=== Section Start ===

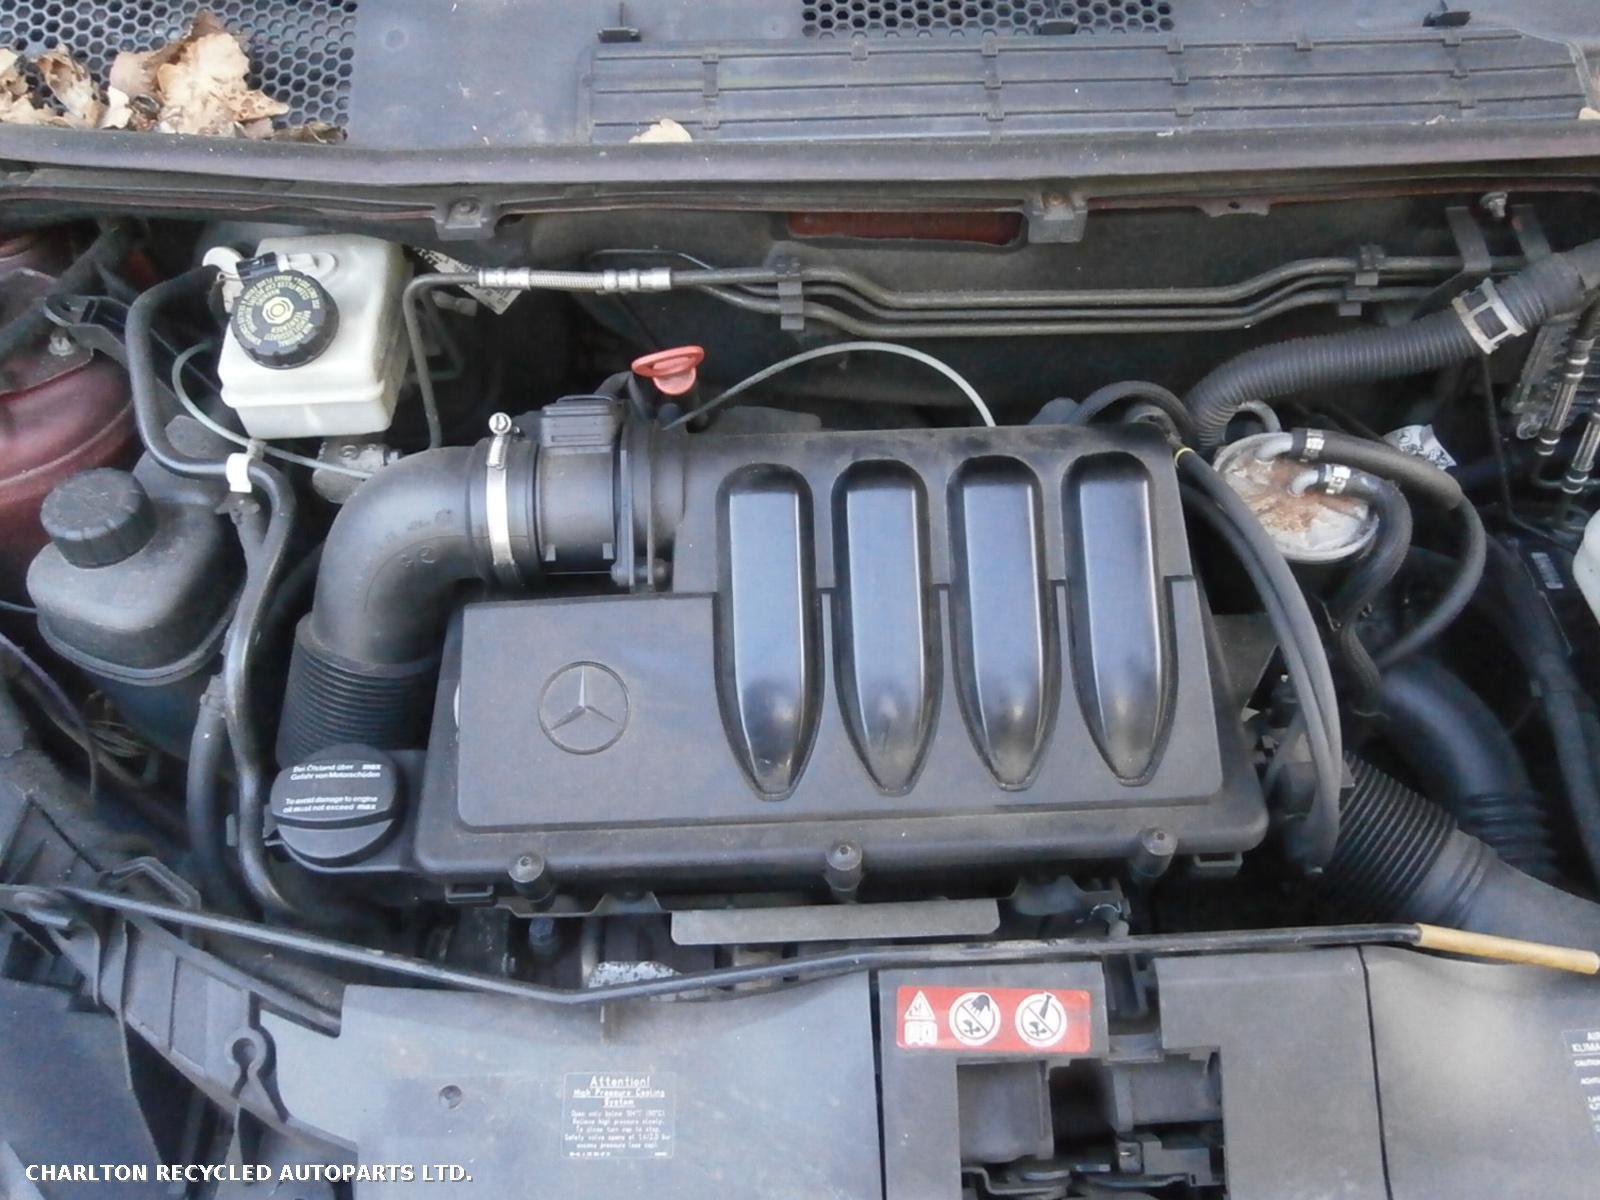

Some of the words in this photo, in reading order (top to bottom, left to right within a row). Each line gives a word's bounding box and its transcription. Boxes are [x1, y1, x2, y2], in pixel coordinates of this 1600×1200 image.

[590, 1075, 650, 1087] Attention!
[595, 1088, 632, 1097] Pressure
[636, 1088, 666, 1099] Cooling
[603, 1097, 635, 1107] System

=== Section End ===
=== Section Start ===

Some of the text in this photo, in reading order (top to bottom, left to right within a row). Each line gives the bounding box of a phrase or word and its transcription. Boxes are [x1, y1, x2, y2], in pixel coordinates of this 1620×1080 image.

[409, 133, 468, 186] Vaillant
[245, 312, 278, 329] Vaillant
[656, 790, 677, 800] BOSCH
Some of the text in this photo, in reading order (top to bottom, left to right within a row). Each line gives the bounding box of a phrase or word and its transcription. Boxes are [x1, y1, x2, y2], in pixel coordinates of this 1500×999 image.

=== Section End ===

*Work item*. Please, from the material above, copy only the lines from the line with "this 1620×1080 image." up to and including the line with "this 1500×999 image.", exactly as written.

*Solution below*.
Some of the text in this photo, in reading order (top to bottom, left to right within a row). Each line gives the bounding box of a phrase or word and its transcription. Boxes are [x1, y1, x2, y2], in pixel coordinates of this 1620×1080 image.

[409, 133, 468, 186] Vaillant
[245, 312, 278, 329] Vaillant
[656, 790, 677, 800] BOSCH
Some of the text in this photo, in reading order (top to bottom, left to right within a row). Each line gives the bounding box of a phrase or word and its transcription. Boxes are [x1, y1, x2, y2], in pixel coordinates of this 1500×999 image.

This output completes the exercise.